Mario hizo lo que le indicó el periodista. Por fin iba a tener su pequeño momento de gloria y, en cuanto terminaran, lo celebraría en condiciones con los trescientos euros que le había sacado a aquel pendejo.

—Oye, pues sí que tienes porte. Están quedando unas fotos muy buenas. Mantén fija la mirada perdida en el horizonte —le indicó.

El periodista fue girando alrededor de Mario mientras disparaba su cámara de fotos hasta ponerse casi a su espalda. Sin dejar de hablar, sacó el martillo tipo tas con el mango recortado que llevaba en el interior de la cazadora.

Sha te dije que había nasido para artista.

—¡Que empiece el viaje ya!

Mario no supo interpretar esas últimas palabras del periodista. No le dio tiempo. El último sonido que escuchó fue el seco crujido de su hueso temporal al fracturarse. A partir de ahí, el Buñuelo ya no pudo sentir ninguno de los otros treinta y siete impactos que recibió en la cabeza, uno por cada palabra del inicio de Spieluhr. Huesos, músculos, cartílagos y tejidos se convirtieron en un deforme aglomerado de los rasgos y facciones que antes definían una cara.

En ocasiones, el río de la vida serpentea caprichosamente con el destino de las personas. El de Mario desembocó mucho antes de lo convenido para perderse en el océano del olvido.

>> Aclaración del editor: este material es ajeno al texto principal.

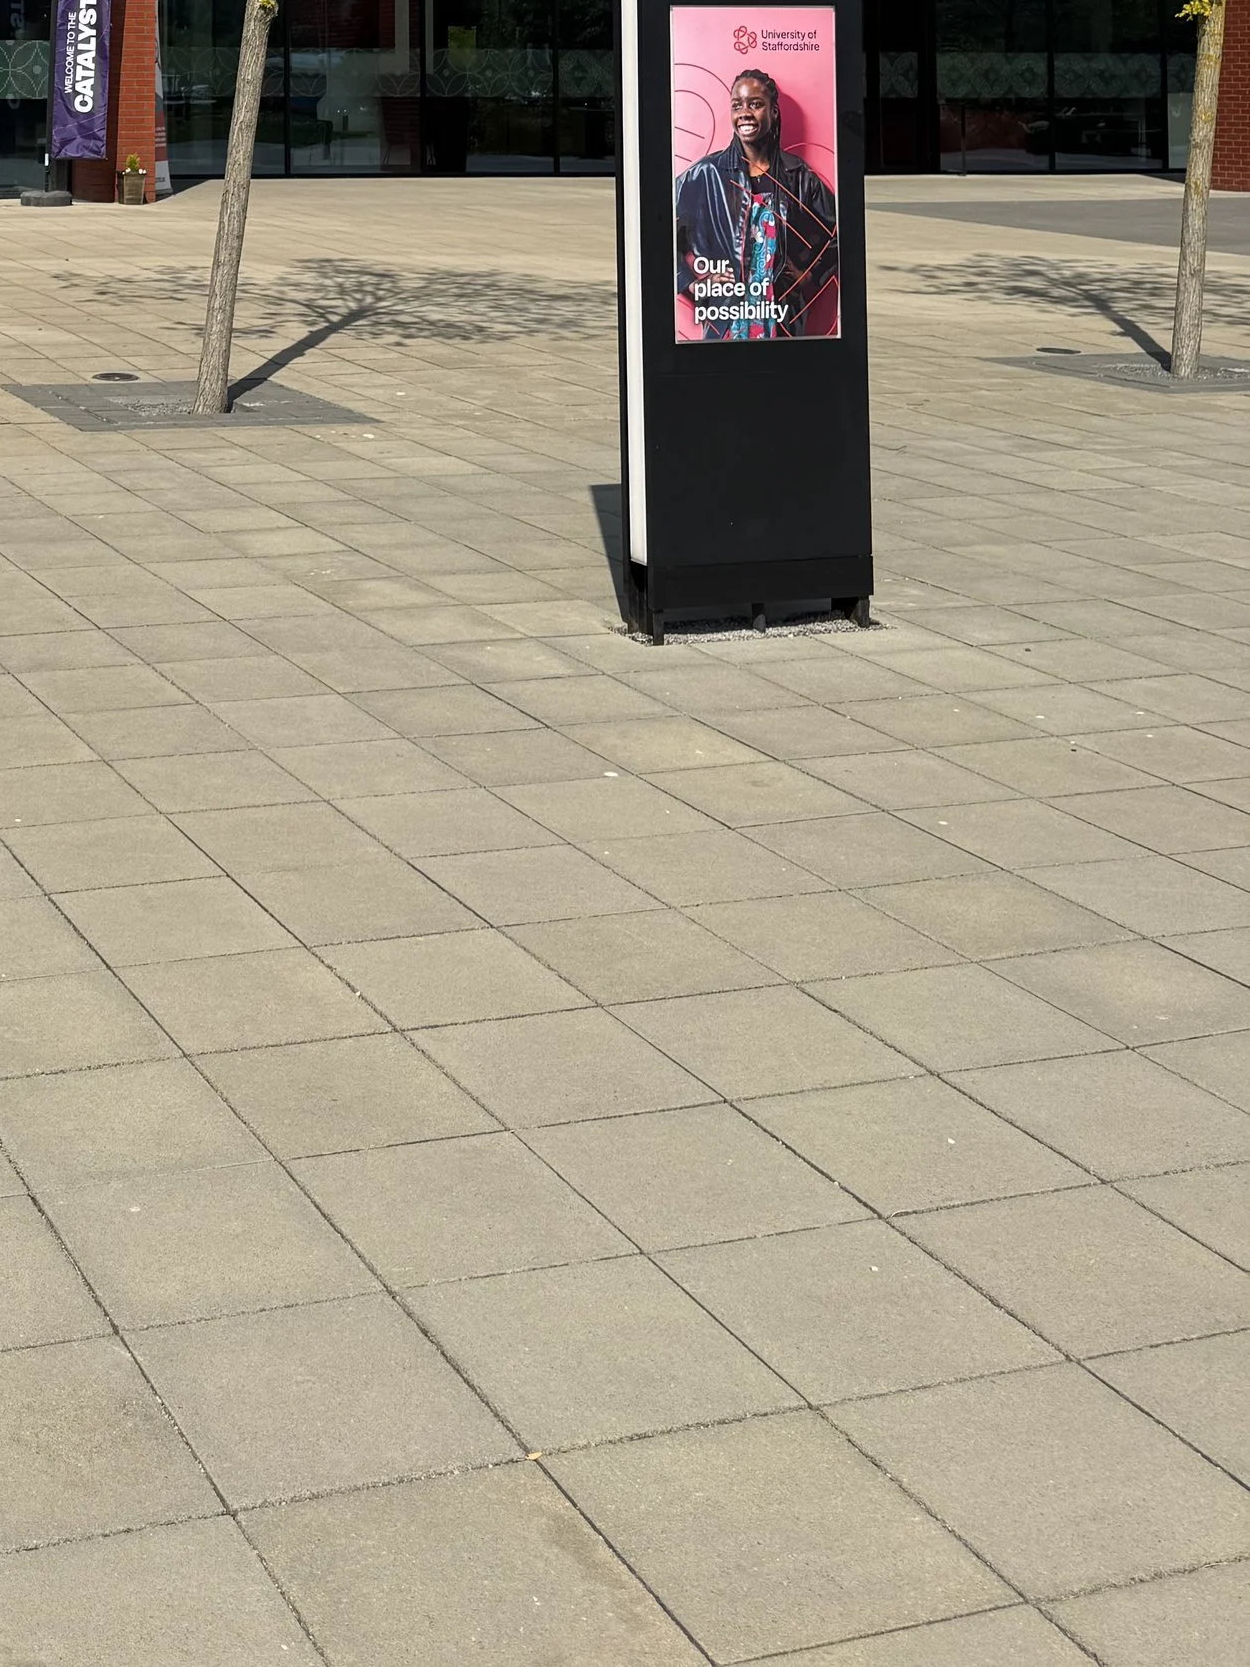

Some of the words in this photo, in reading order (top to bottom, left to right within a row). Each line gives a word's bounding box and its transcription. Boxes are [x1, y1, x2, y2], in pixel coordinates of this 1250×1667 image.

[68, 12, 77, 29] THE
[67, 31, 75, 47] TO
[761, 30, 805, 41] University
[807, 30, 817, 39] of
[762, 41, 820, 51] Staffordshire
[64, 47, 75, 94] WELCOME
[693, 256, 729, 275] Our
[694, 278, 745, 301] place
[750, 277, 769, 296] of
[694, 301, 789, 324] possibility
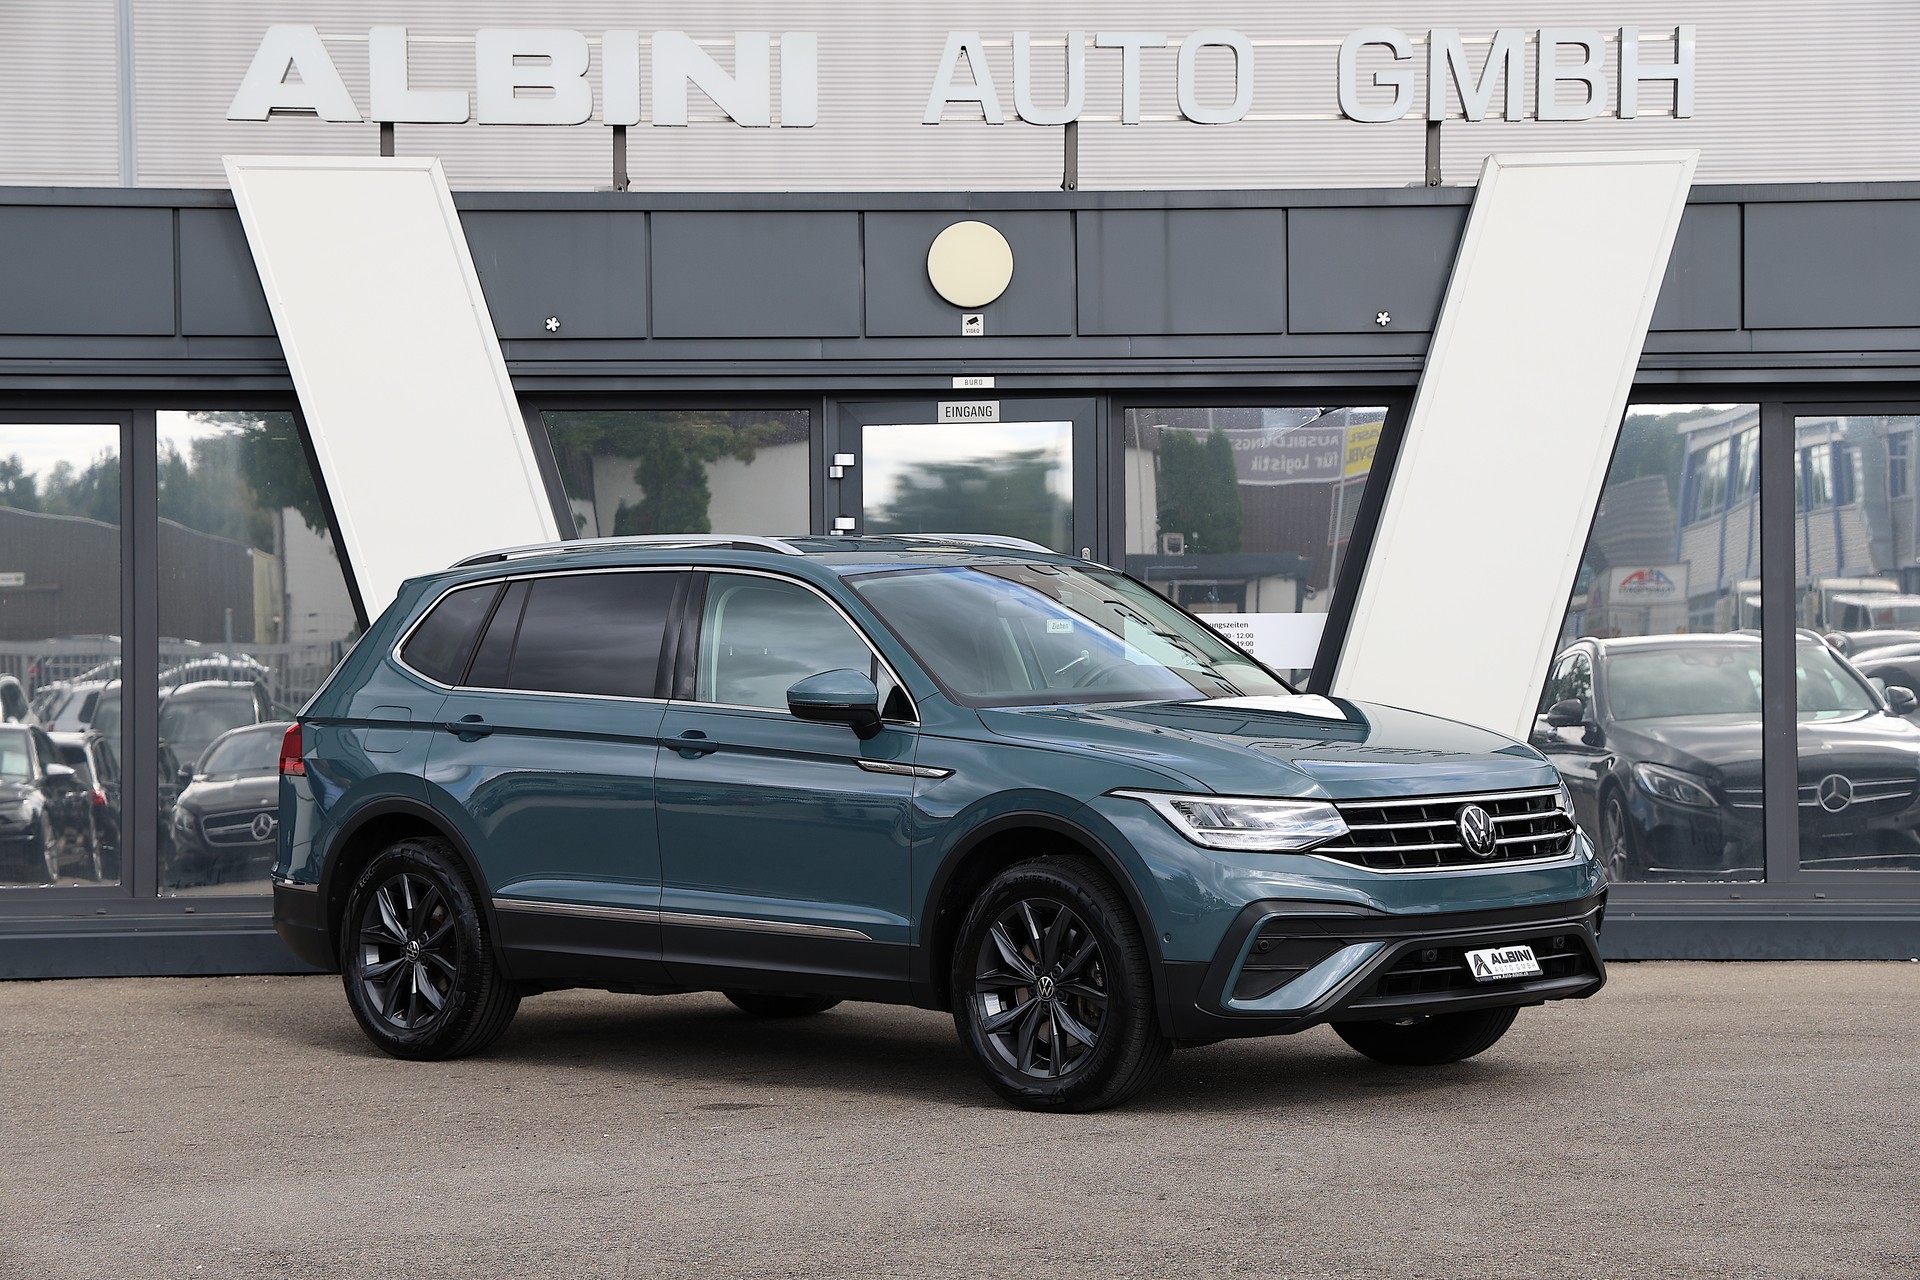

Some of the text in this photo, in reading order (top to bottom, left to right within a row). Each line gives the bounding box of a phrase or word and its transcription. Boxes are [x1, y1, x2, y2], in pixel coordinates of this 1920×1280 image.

[226, 24, 1698, 128] ALBINI AUTO GMBH
[964, 378, 983, 386] BÜRO
[945, 405, 993, 418] EINGANG
[1209, 621, 1249, 630] ungszeiten
[1491, 949, 1533, 965] ALBINI
[1494, 964, 1514, 973] AUTO
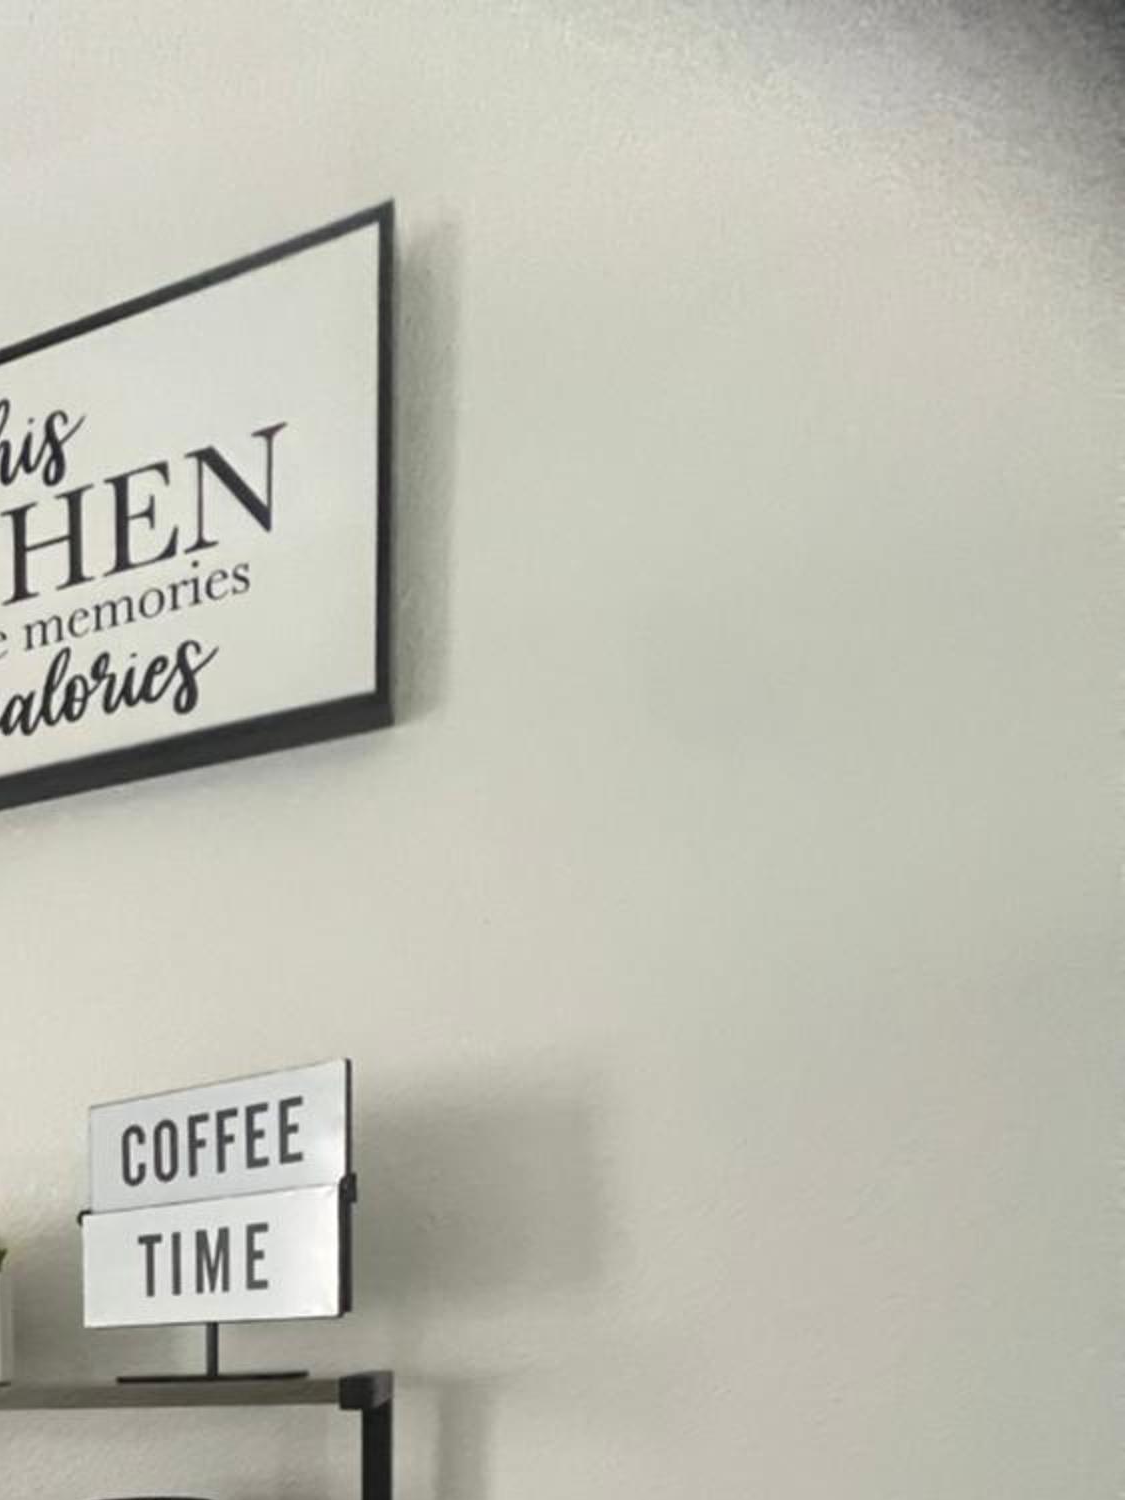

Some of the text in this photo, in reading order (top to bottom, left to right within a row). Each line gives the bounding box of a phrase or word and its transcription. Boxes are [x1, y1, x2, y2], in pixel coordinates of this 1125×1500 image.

El periodista sintió la necesidad de escuchar una de las canciones de su top: 1999, de Love of Lesbian.

Hasta aquí llegó el ritual

de enfados y canibalismo estúpido.

Son demasiadas horas en vela

y nada que decir.

Descansamos nuestra espalda

en las persianas bien cerradas,

tú y yo anémicos,

y a cada parpadeo calmado

intentamos dormir.

Tenía claro el escenario de la siguiente etapa. Las últimas semanas habían transcurrido como un espectáculo de fuegos artificiales, y ya tocaba la traca final. Después, necesitaría unas semanas, quién sabe si meses, de introspección para reordenarlo todo. Empezar de nuevo. Reencontrarse. Reinventarse.

Putas ganas de seguir el show

ni de continuar mintiendo

y en un travelling algo veloz

sale un «fin» en negro.

Me pregunto quién pensó el guion,

debe estar bastante enfermo,

fue el estreno de un gran director,

le caerán mil premios.

Y a medias del viaje,

callo a gritos

que no quieras bajar.

Y pierdo la conciencia

cuando escucho cómo dices.

La canción le evocó imágenes de Violeta. No sabía con certeza si la echaría de menos o no, pero lo cierto es que esa chica tenía algo especial, era distinta y en los últimos días Augusto no había dejado de preguntarse cómo hubiera sido todo en otras circunstancias.

Que sea cierto el jamás. ¡Oh, muérete! —cantó casi emocionado dejándose llevar totalmente por el final instrumental de la canción.